At Paris Fashion Week in 2013, the architect-turned-fashion designer Iris Van Herpen stunned the crowd with her (literally) electrifying Voltage collection. At the center of the show was a 3-D printed skirt-and-cape combo created in collaboration with architect and MIT Media Lab professor Neri Oxman. Made with an obscure type of 3-D printer, the outfit–alternately soft and structural, and covered in thousands of tiny, scale-like white nodules–seamlessly bridged the gap between the handcrafted and the machine-made.
Now, the outfit will be a centerpiece for the #techstyle exhibition coming to the Museum of Fine Arts, Boston next month. Pulling together pieces from 30 emerging and established fashion designers, the show looks at how new technology is fueling innovation in the fashion industry, from 3-D printed haute couture to textiles grown in science labs.
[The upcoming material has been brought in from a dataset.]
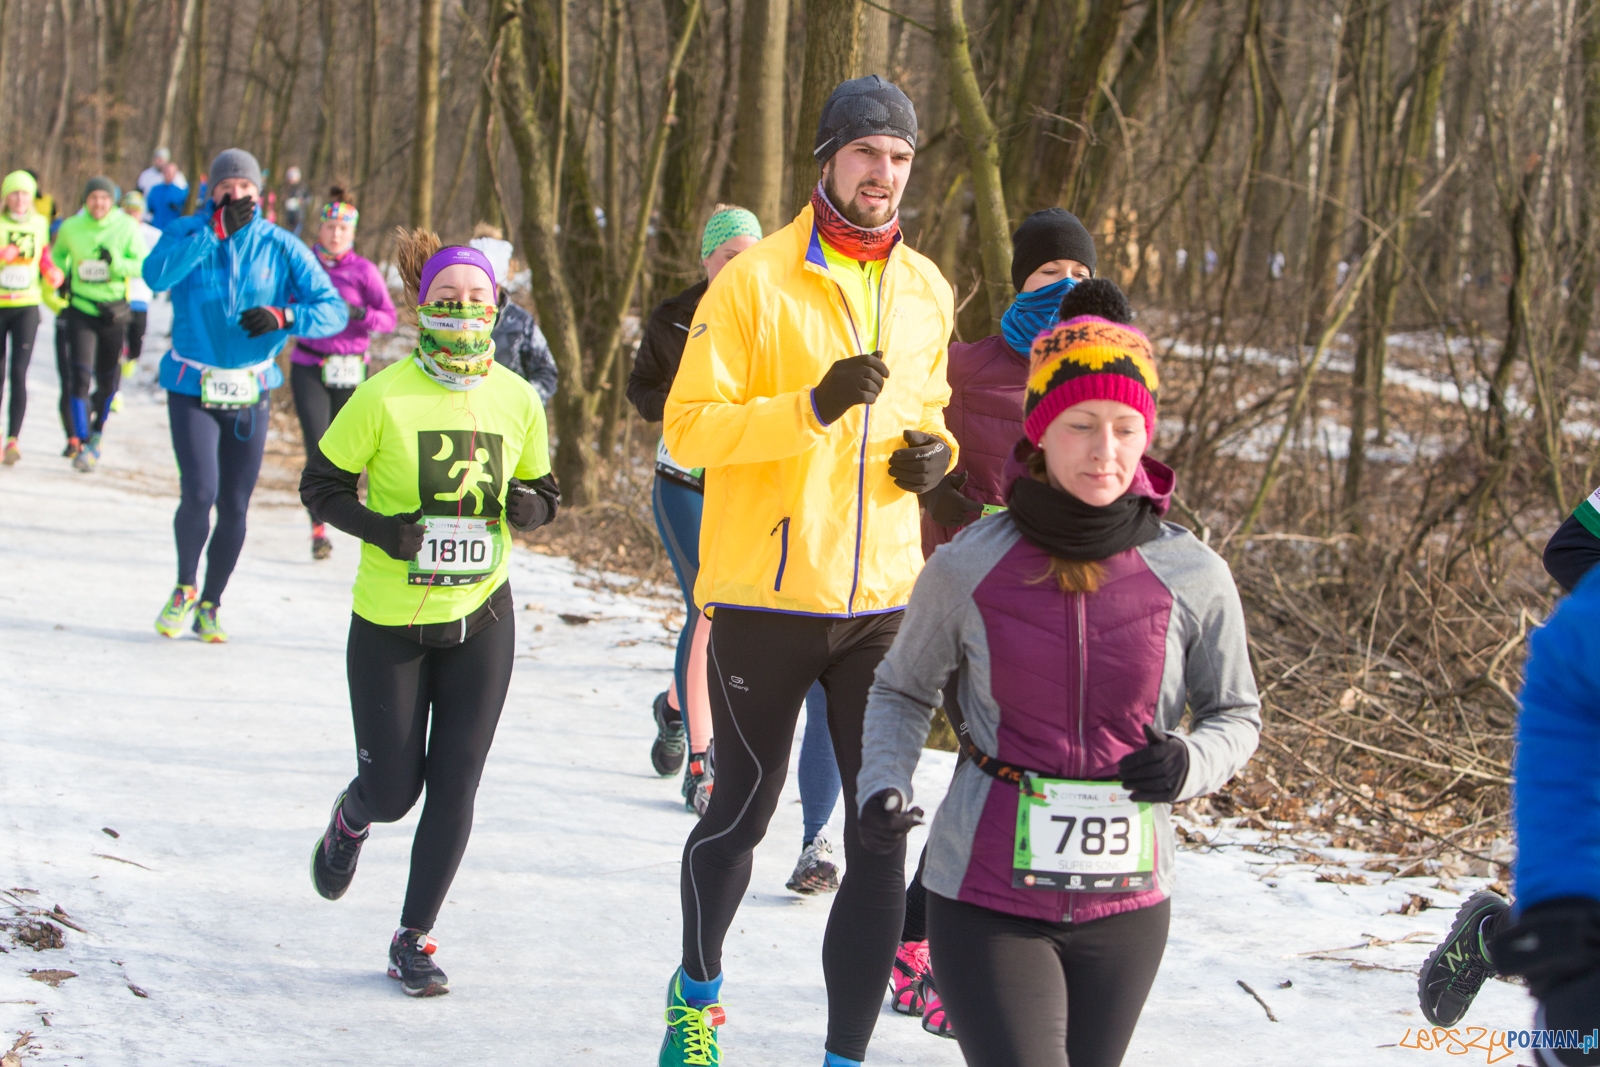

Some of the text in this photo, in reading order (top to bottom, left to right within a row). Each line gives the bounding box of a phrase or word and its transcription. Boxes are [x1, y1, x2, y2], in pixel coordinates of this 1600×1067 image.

“The exhibition was inspired by the acquisition of the Iris Van Herpen-Neri Oxman 3-D printed dress,” says Pamela Parmal, one of the exhibition curators and Chair of the MFA’s Department of Textile and Fashion Arts. “What became interesting for us is how many designers are working with mathematicians, engineers, and biologists and integrating those disciplines into their work.”
The pioneering Japanese fashion designer Issey Miyake, for example, has incorporated the work of mathematicians into his geometric clothing designs for years. Alexander McQueen’s spectacular final runway collection, Plato’s Atlantis, merged Darwin’s 19th-century theories of evolution with today’s concerns over global warming. And then there is the Israeli designer Noa Raviv, who often works with scientists and mathematicians to experiment with 3-D printing as a tool to create impossible, mind-bending designs.
But #techstyle is not simply a showcase of fashion inspired by math and science. A third of the show is dedicated to how designers have used technology to revolutionize the way clothing is designed and constructed. Kate Goldsworthy, the designer behind the Zero Waste Dress is one example: in an effort to replace the chemically toxic process of dyeing, she’s developing laser technology to both pattern and bond cloth. Another is G-Star RAW for the Oceans, which turns plastic refuse the ocean into fashionable denim.
The show also includes a passing nod to biotech designers like Goldsworthy, Oxman, and the Boston-based duo Nervous System. Other pieces, like Modern Meadow’s lab-grown leather and Natsai Audrey Chieza’s bacteria-dyed scarves, for example, were in too early stages to be included. While growing clothes from a petri dish may sound wildly experimental, Parmal expects this to be the next big thing in fashion. At a time when fashion manufacturing comes at a huge environmental cost, more fashion designers are pairing with synthetic biologists to find a more sustainable way forward.
#techstyle opens on March 6, 2016 at the Museum of Fine Arts in Boston.